Larger bench to review SC order on lab guidelines

Five-judge bench to evaluate Justice Syed Mansoor Ali Shah’s 2018 order on 16th


Hasnaat Malik September 10, 2020
Supreme Court. PHOTO: EXPRESS/FILE

ISLAMABAD:

Chief Justice of Pakistan (CJP) Gulzar Ahmed has constituted a larger bench to review the Supreme Court’s guidelines to the lower courts to ascertain reliability of the reports of the government forensic science laboratories in narcotics cases.

A five-judge larger bench, presided by Justice Maqbool Baqar, will take up the matter on September 16.

According to the cause list, the bench also includes Justice Manzoor Ahmad Malik, Justice Sardar Tariq Masood, Justice Mazhar Alam Khan Miankhel and Justice Qazi Muhammad Amin Ahmed.

Interestingly, Justice Syed Mansoor Ali Shah, who authored the verdict containing the guidelines, is not part of the larger bench.  According to sources, the Anti-Narcotics Force (ANF) also wants the judgment revisited as it finds the SC guidelines too stringent to prove guilt of any accused in a narcotics case.

In 2018, Justice Syed Mansoor Ali Shah had authored the judgment in which the federal and provincial governments were directed to ensure that analysts in government’s narcotics testing labs are qualified; their tests and protocols are uniform across the country and they follow international guidelines.

In his ruling, Justice Shah had held that no test in a narcotics case should take place without following the protocols. The judgment said report of a government analyst must show that the tests applied are in accordance with a standard protocol. 

“Any test conducted without a protocol loses reliability and evidentiary value. Therefore, to serve the purposes of the Act and the Rules, the report of the government analyst must contain (i) the tests applied (ii) the protocols applied to carry out these tests (iii) the result of the test(s)," the judgment said.

The court said once the three requirements under Rule 6 of the Control of Narcotic Substances (Government Analysts) Rules, 2001 are met in a report, any ambiguity therein may be resolved by the trial court by exercising its power under Proviso to Section 510, Code of Criminal Procedure (CrPC).

“The three elements form the fundamental and core elements of a valid report prepared by a government analyst. Non-compliance of rule and absence of requirements frustrated the purpose and object of the Control of Narcotics Substances Act 1997 and the accused may question the report.”

However, SC judge Justice Qazi Muhammad Amin Ahmed while authoring a judgment on January 6, 2020 urged the CJP to constitute a larger bench to reconsider Justice Shah’s ruling.

Justice Ahmed noted that the law laid down is a fine piece of judicial literature indeed nonetheless within the framework of administration of criminal justice and application of forensic evidence.

The judge noted that a rapidly developing phenomenon leaves certain vital areas unattended.

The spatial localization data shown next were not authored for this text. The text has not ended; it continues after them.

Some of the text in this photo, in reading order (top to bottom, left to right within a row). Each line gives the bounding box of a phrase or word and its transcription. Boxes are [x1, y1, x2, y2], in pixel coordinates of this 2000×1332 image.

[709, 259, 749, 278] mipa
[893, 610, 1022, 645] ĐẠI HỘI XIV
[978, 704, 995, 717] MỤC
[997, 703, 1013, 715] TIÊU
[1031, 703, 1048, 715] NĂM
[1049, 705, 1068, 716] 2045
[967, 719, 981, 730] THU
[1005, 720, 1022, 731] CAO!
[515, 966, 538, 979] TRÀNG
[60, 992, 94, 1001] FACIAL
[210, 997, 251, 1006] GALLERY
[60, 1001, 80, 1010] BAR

“Tests conducted by serologists, chemical examiners, firearms experts, microbiologists, IT experts etc are the techniques extensively being used in prosecution of offences in most cases [and] fate of the prosecution case is inexorably linked with forensic results,” he added.

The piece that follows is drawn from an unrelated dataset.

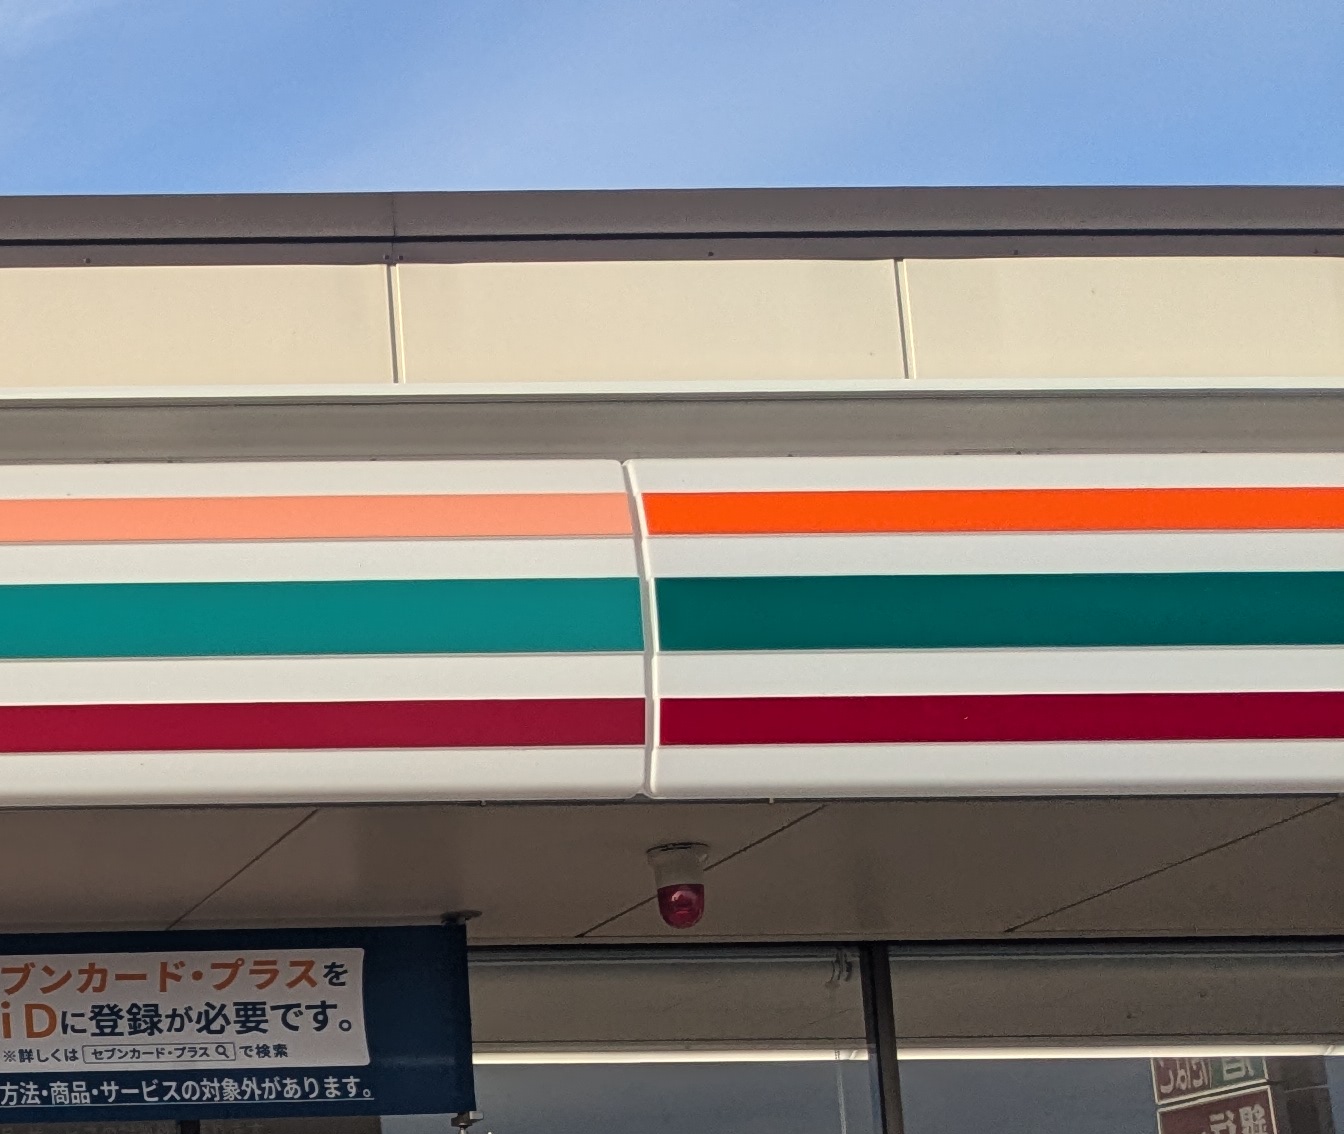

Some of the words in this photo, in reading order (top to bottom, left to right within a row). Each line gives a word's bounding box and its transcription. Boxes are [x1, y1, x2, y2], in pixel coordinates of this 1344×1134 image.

[3, 1047, 80, 1064] ※詳しくは
[91, 1045, 211, 1062] セブンカード・プラス
[239, 1043, 288, 1060] で検索

He said the traditional modes to prove a crime have already withered away and it is the science that in most of the world flawlessly prosecutes the criminals. 

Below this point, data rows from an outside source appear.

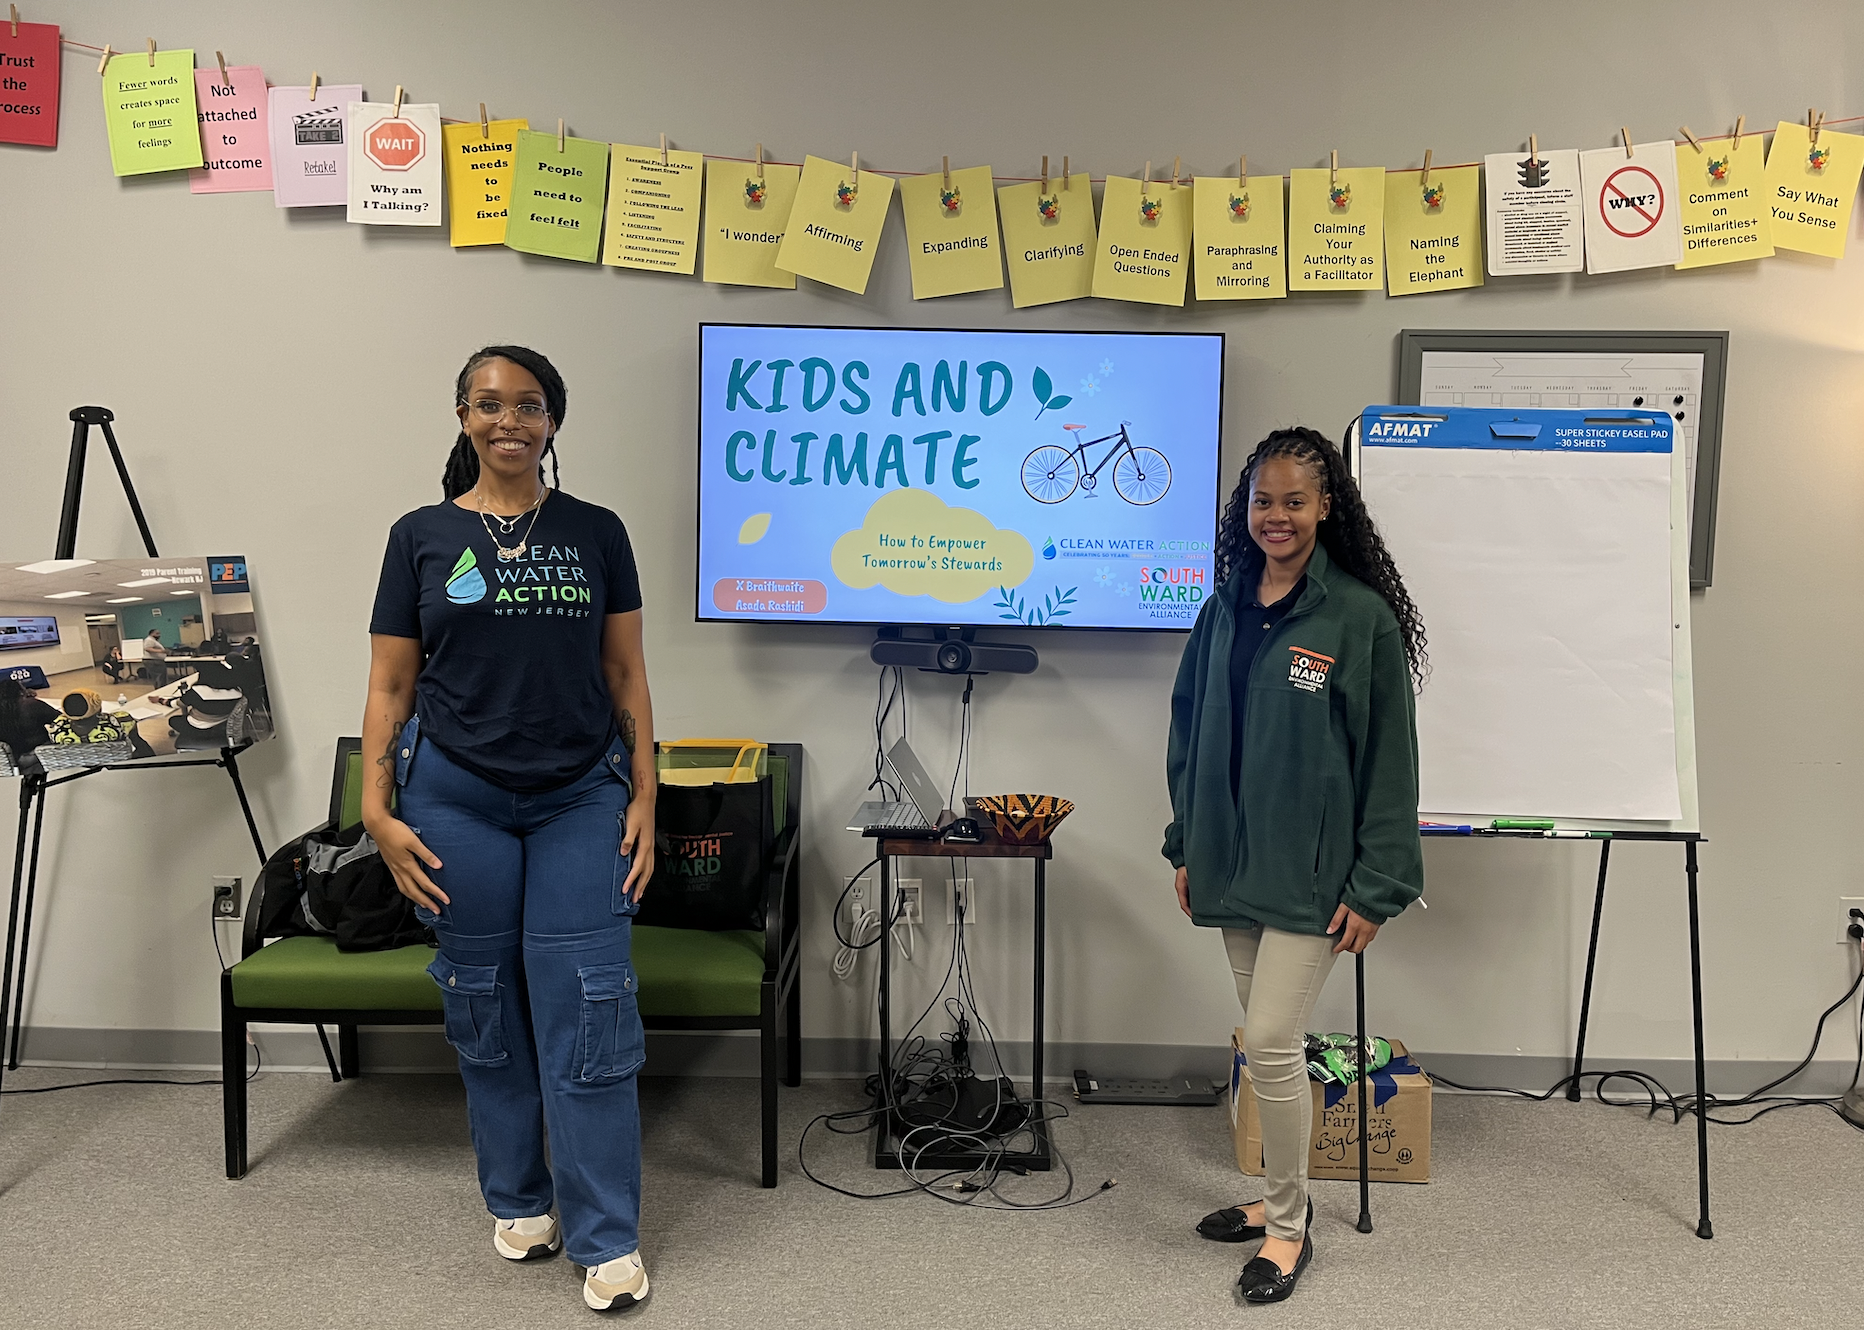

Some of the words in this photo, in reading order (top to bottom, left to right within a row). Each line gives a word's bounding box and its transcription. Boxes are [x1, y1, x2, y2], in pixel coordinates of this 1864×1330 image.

[0, 53, 35, 67] Trust
[3, 77, 27, 90] the
[119, 81, 148, 92] Fewer
[150, 77, 178, 87] words
[211, 85, 236, 97] Not
[0, 103, 41, 115] ocess
[121, 100, 152, 110] creates
[155, 97, 180, 107] space
[198, 107, 257, 122] attached
[133, 120, 146, 129] for
[149, 118, 173, 129] more
[222, 135, 237, 145] to
[299, 131, 327, 141] TAKE
[331, 131, 339, 141] 2
[138, 138, 172, 149] feelings
[376, 137, 415, 151] WAIT
[462, 142, 513, 155] Nothing
[203, 159, 263, 170] outcome
[471, 159, 509, 170] needs
[539, 163, 583, 178] People
[485, 177, 498, 186] to
[371, 185, 399, 196] Why
[402, 187, 423, 195] am
[534, 188, 566, 201] need
[569, 194, 582, 203] to
[1689, 188, 1749, 204] Comment
[1777, 187, 1801, 203] Say
[1806, 191, 1839, 208] What
[486, 194, 501, 202] be
[1609, 194, 1656, 210] WHY?
[363, 201, 369, 209] I
[372, 201, 429, 213] Talking?
[1713, 207, 1728, 217] on
[477, 209, 508, 220] fixed
[530, 213, 555, 225] feel
[557, 217, 580, 230] felt
[1771, 207, 1794, 222] You
[1798, 213, 1837, 230] Sense
[1314, 223, 1366, 236] Claiming
[1684, 218, 1759, 235] Similarities+
[804, 223, 864, 252] Affirming
[1326, 239, 1353, 249] Your
[1410, 236, 1460, 250] Naming
[1688, 233, 1758, 250] Differences
[923, 236, 989, 254] Expanding
[1207, 245, 1278, 257] Paraphrasing
[1025, 243, 1085, 262] Clarifying
[1110, 244, 1139, 259] Open
[1143, 249, 1179, 263] Ended
[1426, 254, 1445, 265] the
[1232, 260, 1253, 270] and
[1304, 255, 1357, 266] Authority
[1360, 257, 1374, 265] as
[1113, 261, 1171, 278] Questions
[1304, 272, 1311, 280] a
[1315, 270, 1374, 280] Facilitator
[1410, 267, 1464, 282] Elephant
[1216, 276, 1270, 287] Mirroring
[726, 357, 872, 415] KIDS
[892, 359, 1014, 417] AND
[1369, 422, 1433, 437] AFMAT
[1556, 429, 1584, 437] SUPER
[1586, 429, 1621, 438] STICKEY
[1623, 430, 1649, 438] EASEL
[1651, 431, 1669, 439] PAD
[1574, 440, 1607, 448] SHEETS
[725, 430, 982, 489] CLIMATE
[880, 534, 907, 548] How
[911, 535, 925, 548] to
[929, 535, 987, 553] Empower
[1061, 539, 1104, 550] CLEAN
[1108, 540, 1154, 550] WATER
[1159, 541, 1210, 551] ACTION
[862, 554, 937, 570] Tomorrow’s
[941, 557, 1003, 572] Stewards
[157, 568, 177, 576] Parent
[178, 567, 202, 576] Training
[212, 564, 247, 581] PEP
[495, 566, 588, 584] WATER
[1140, 567, 1205, 584] SOUTH
[172, 576, 195, 584] Newark
[736, 580, 744, 592] X
[746, 581, 805, 593] Braithwaite
[495, 586, 591, 604] ACTION
[1140, 585, 1203, 602] WARD
[495, 608, 529, 616] NEW
[536, 607, 590, 618] JERSEY
[736, 600, 766, 612] Asada
[768, 600, 804, 612] Rashidi
[1150, 611, 1192, 619] ALLIANCE
[1292, 655, 1329, 674] SOUTH
[1291, 665, 1326, 683] WARD
[663, 839, 721, 859] UTH
[665, 857, 722, 876] WARD
[1346, 1128, 1397, 1154] Cange

“We are following the suit though with an abysmal pace. Application of artificial intelligence to bring the culprits inescapably to the book is mind boggling,” he noted.

The judge noted that what information supplied by analysts realistically qualifies to be received as protocol, needs a permanent settlement as well to plug artificial escape routes. “We find it expedient to request the CJP to constitute a larger bench to consider these aspects of the matter,” he stated.